August 6, 2007

My Turn: Safer communities laws are dangerous

February 2, 2006

With the help of Bill O’Reilly, Governor Jim Douglas is flogging public fear of child molesters in the bushes. The Legislature is running scared too – from a perceived mob of angry voters.

But if fear is the greatest political motivator, it is the worst basis for policy. The various proposed Safer Communities laws – whether including longer sentences, broader sex offender registries and stricter ex-convict supervision, or civil commitment– are unlikely to make Vermont’s communities safer. Indeed, they could put us in more danger. Here’s why:

1. Such laws put resources where the problem isn’t.

All but about 7% of sex crimes against children are committed by their families. Sex offender registries do nothing for these victims, who already know where the released perpetrator is. Requirements that ex-offenders stay away from schools and playgrounds are likewise unnecessary. Where molestation is concerned, kids are safest in public.

2. Imprisonment does not significantly reduce crime.

From 1984 to 1998, according to the Sentencing Project, “states with the largest increases in incarceration experienced…smaller declines in crime than other states.” Vermont ’s imprisoned population rose 52% during the ’90s; we suffered 9% -- that’s 11 -- fewer violent crimes. U.S. Bureau of Justice statistics also show that longer sentences have a negligible effect on whether someone commits another crime.

3. Expanded sex offender registries and tougher restrictions contribute to reoffense.

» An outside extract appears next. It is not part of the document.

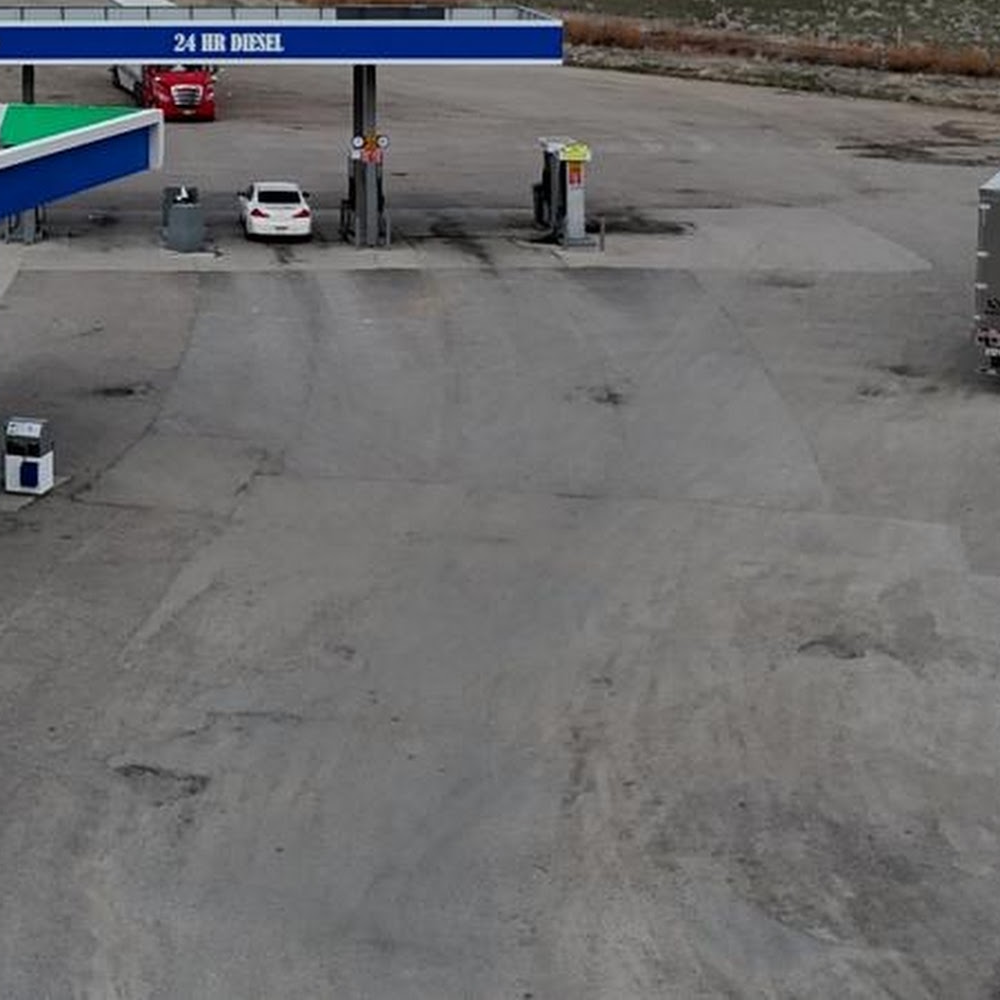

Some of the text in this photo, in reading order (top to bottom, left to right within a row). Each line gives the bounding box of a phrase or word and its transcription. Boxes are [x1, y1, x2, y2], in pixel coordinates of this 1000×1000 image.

[174, 33, 285, 52] 24 HR DIESEL

“Research shows that the best way to [change antisocial behavior] is to normalize life,” says Eric Lotke, former research and policy director of the Justice Policy Institute. Offender websites and community notification of neighbors, landlords and employers, coupled with requirements that registrants report their every move to the police, do the opposite. In other words, says offender therapist Robert Longo, “you ban somebody from the community, he has no friends, he feels bad about himself, and you reinforce the very problems that contribute to the sex abuse behavior in the first place. You make him a better sex offender.”

4. Community notification encourages violence.

“Stronger sex offender laws give tools to parents and concerned citizens so they can be more aware of the location of convicted sex offenders, especially sexually violent predators,” Douglas proclaims.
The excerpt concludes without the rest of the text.